» Task description
What is needed is an exact transcription of every record, minus the pictures.

» Listed entries
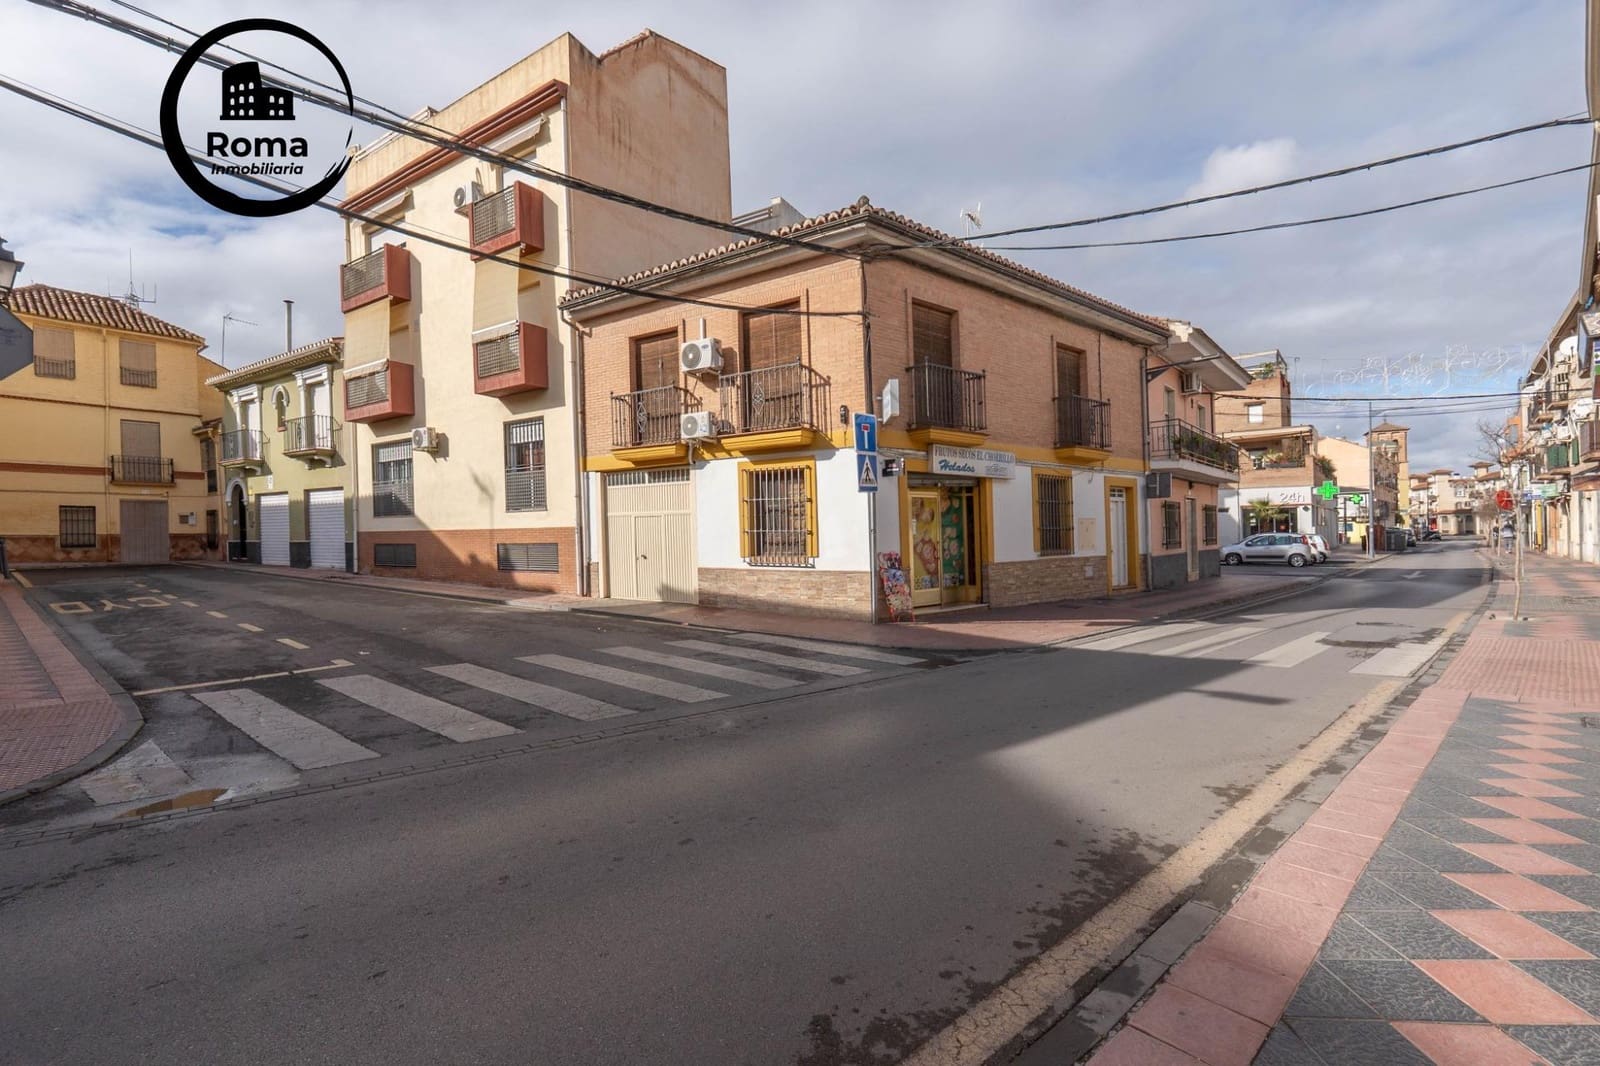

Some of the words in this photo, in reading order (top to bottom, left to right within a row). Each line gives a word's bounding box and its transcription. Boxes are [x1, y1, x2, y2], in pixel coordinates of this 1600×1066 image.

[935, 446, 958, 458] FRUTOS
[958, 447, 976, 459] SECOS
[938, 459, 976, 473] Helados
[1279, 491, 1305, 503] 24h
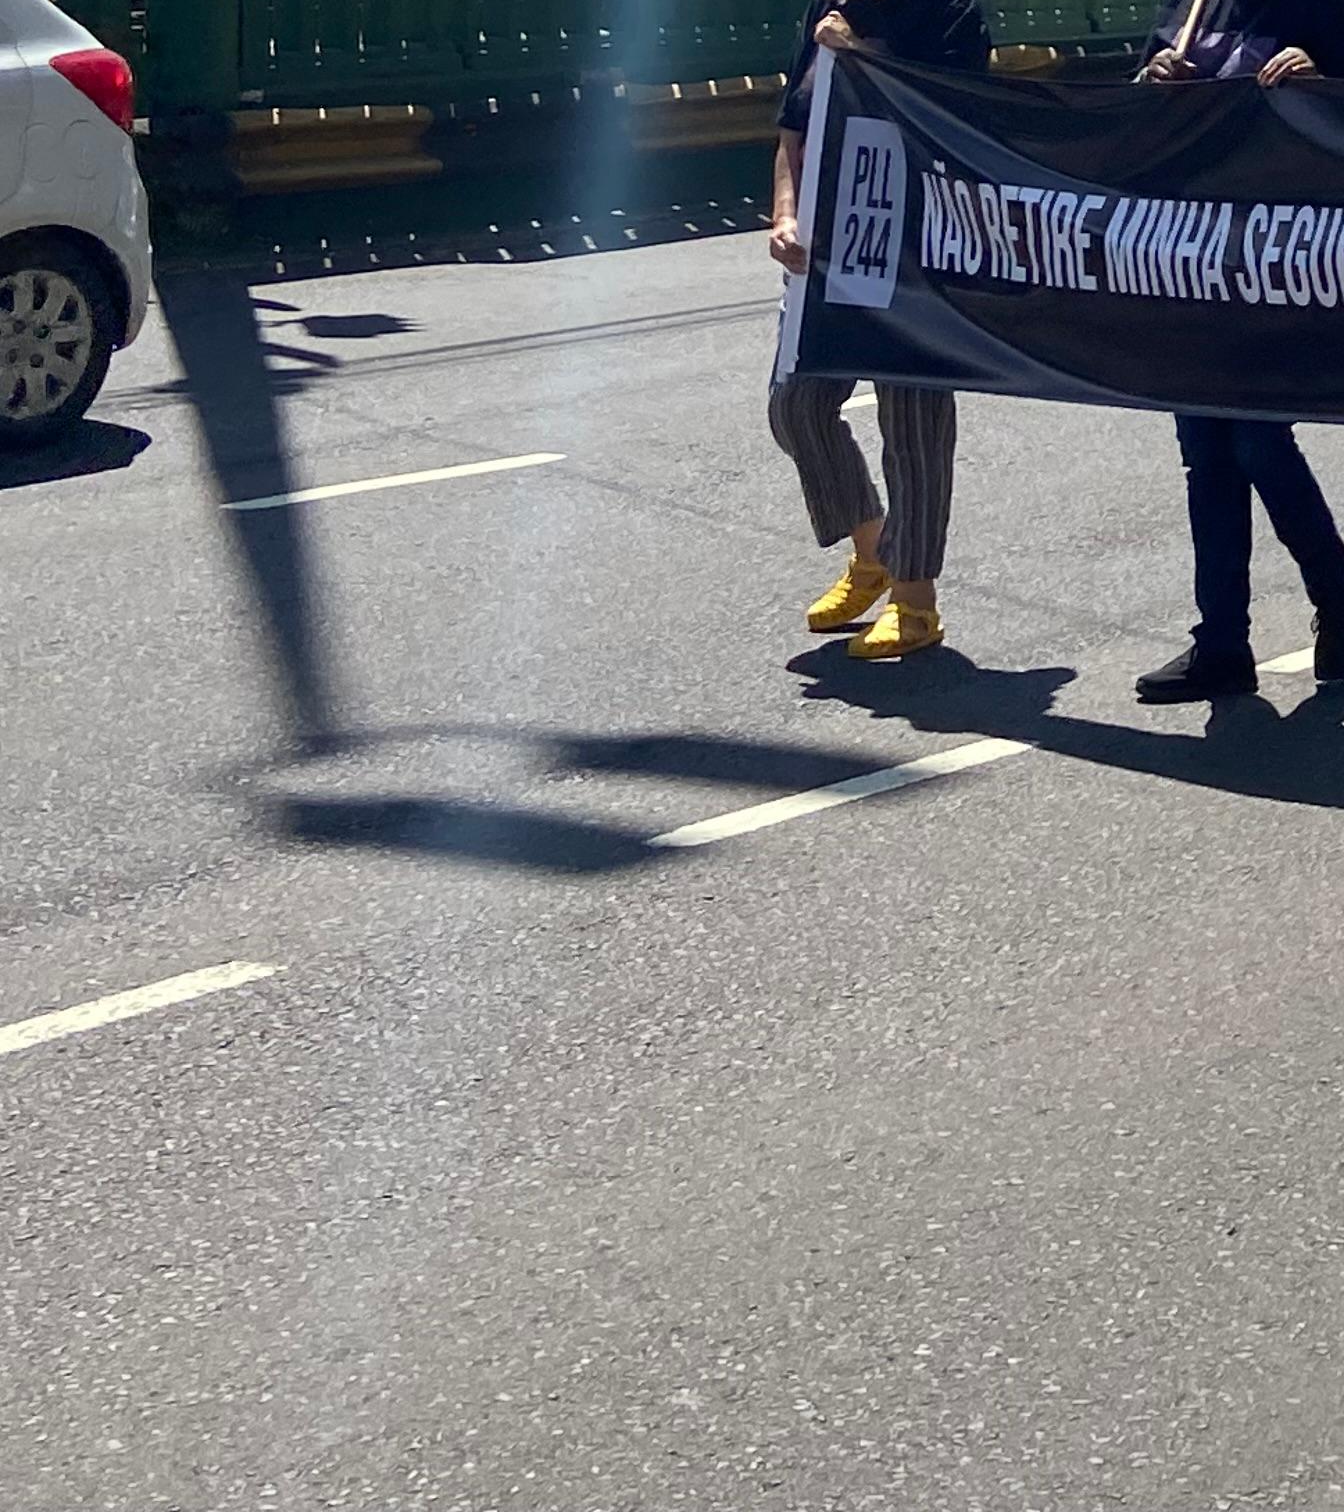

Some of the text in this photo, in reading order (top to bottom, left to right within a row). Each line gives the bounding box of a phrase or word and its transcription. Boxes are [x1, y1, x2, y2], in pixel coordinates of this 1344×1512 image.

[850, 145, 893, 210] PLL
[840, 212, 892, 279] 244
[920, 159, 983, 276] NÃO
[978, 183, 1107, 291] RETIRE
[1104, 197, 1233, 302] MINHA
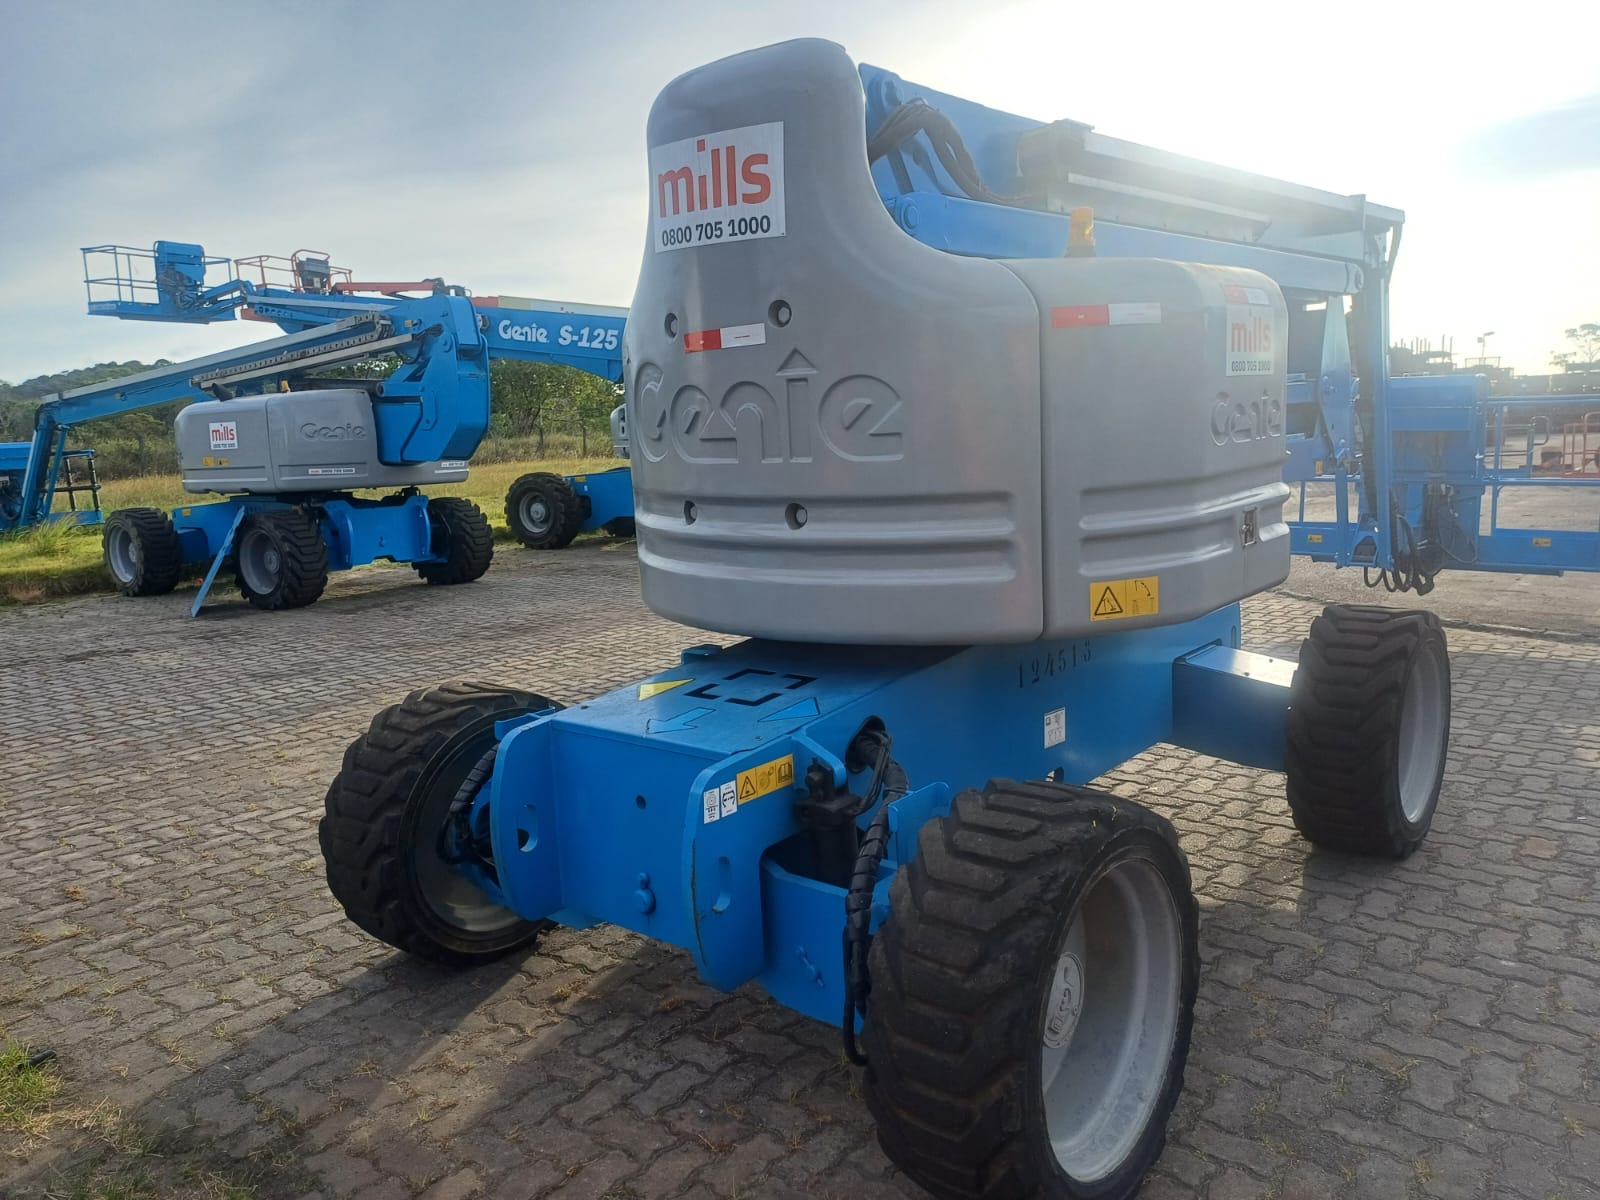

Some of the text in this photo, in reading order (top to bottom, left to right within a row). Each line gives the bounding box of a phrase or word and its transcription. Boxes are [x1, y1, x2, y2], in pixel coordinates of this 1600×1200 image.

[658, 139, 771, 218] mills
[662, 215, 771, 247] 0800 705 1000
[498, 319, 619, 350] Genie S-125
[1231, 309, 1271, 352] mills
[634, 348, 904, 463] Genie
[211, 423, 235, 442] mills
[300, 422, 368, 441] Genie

» Answer to the problem
Some of the words in this photo, in reading order (top to bottom, left to right within a row). Each line gives a word's bounding box and its transcription. Boxes are [x1, y1, x2, y2], in pixel coordinates of this 1600×1066 image.

[935, 446, 958, 458] FRUTOS
[958, 447, 976, 459] SECOS
[938, 459, 976, 473] Helados
[1279, 491, 1305, 503] 24h

Some of the text in this photo, in reading order (top to bottom, left to right within a row). Each line gives the bounding box of a phrase or word and its transcription. Boxes are [x1, y1, x2, y2], in pixel coordinates of this 1344×1512 image.

[850, 145, 893, 210] PLL
[840, 212, 892, 279] 244
[920, 159, 983, 276] NÃO
[978, 183, 1107, 291] RETIRE
[1104, 197, 1233, 302] MINHA

Some of the text in this photo, in reading order (top to bottom, left to right within a row). Each line gives the bounding box of a phrase or word and its transcription. Boxes are [x1, y1, x2, y2], in pixel coordinates of this 1600×1200 image.

[658, 139, 771, 218] mills
[662, 215, 771, 247] 0800 705 1000
[498, 319, 619, 350] Genie S-125
[1231, 309, 1271, 352] mills
[634, 348, 904, 463] Genie
[211, 423, 235, 442] mills
[300, 422, 368, 441] Genie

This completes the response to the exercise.